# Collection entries
⟨
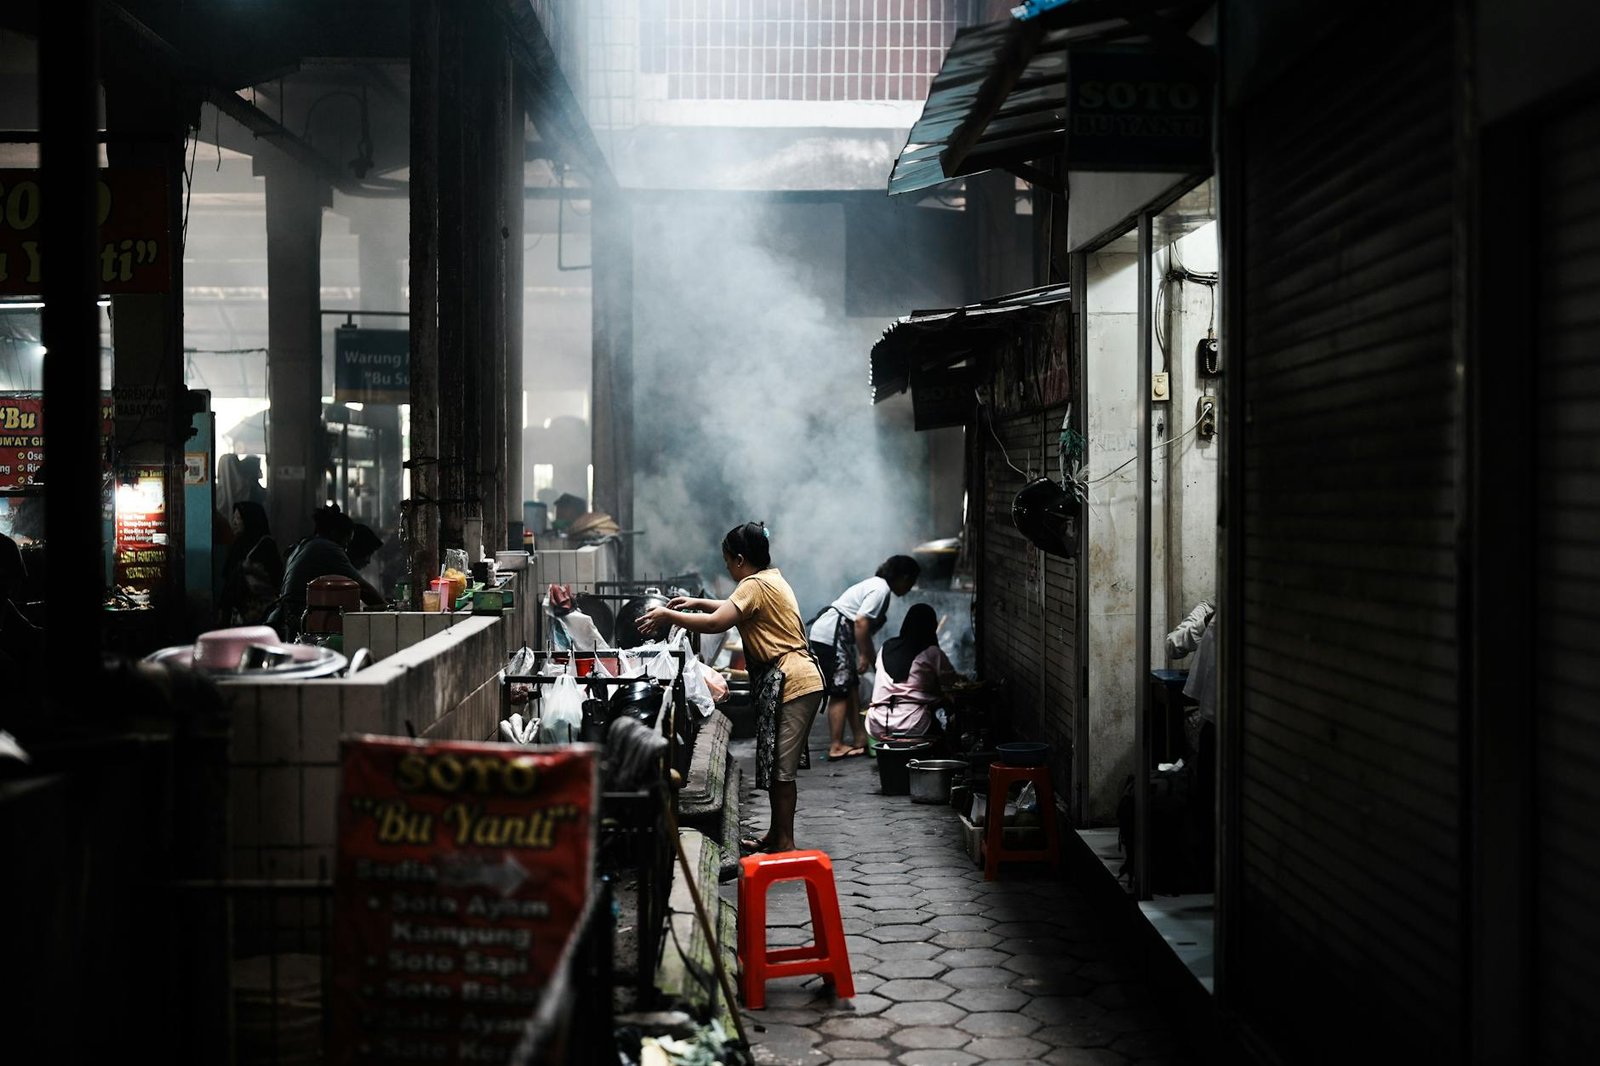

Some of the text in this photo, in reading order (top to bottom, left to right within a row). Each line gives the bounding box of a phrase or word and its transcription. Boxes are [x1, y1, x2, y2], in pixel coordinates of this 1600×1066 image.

[1079, 80, 1200, 110] SOTO
[345, 351, 401, 368] Warung
[399, 753, 538, 793] SOTO
[391, 920, 531, 950] Kampung
[387, 949, 529, 978] Soto Sapi
⟩
# WHAT THE TASK ASKS
Drop the images, then copy the data exactly.

# RESPONSE
Some of the text in this photo, in reading order (top to bottom, left to right within a row). Each line gives the bounding box of a phrase or word and its transcription. Boxes are [x1, y1, x2, y2], in pixel coordinates of this 1600×1066 image.

[1079, 80, 1200, 110] SOTO
[345, 351, 401, 368] Warung
[399, 753, 538, 793] SOTO
[391, 920, 531, 950] Kampung
[387, 949, 529, 978] Soto Sapi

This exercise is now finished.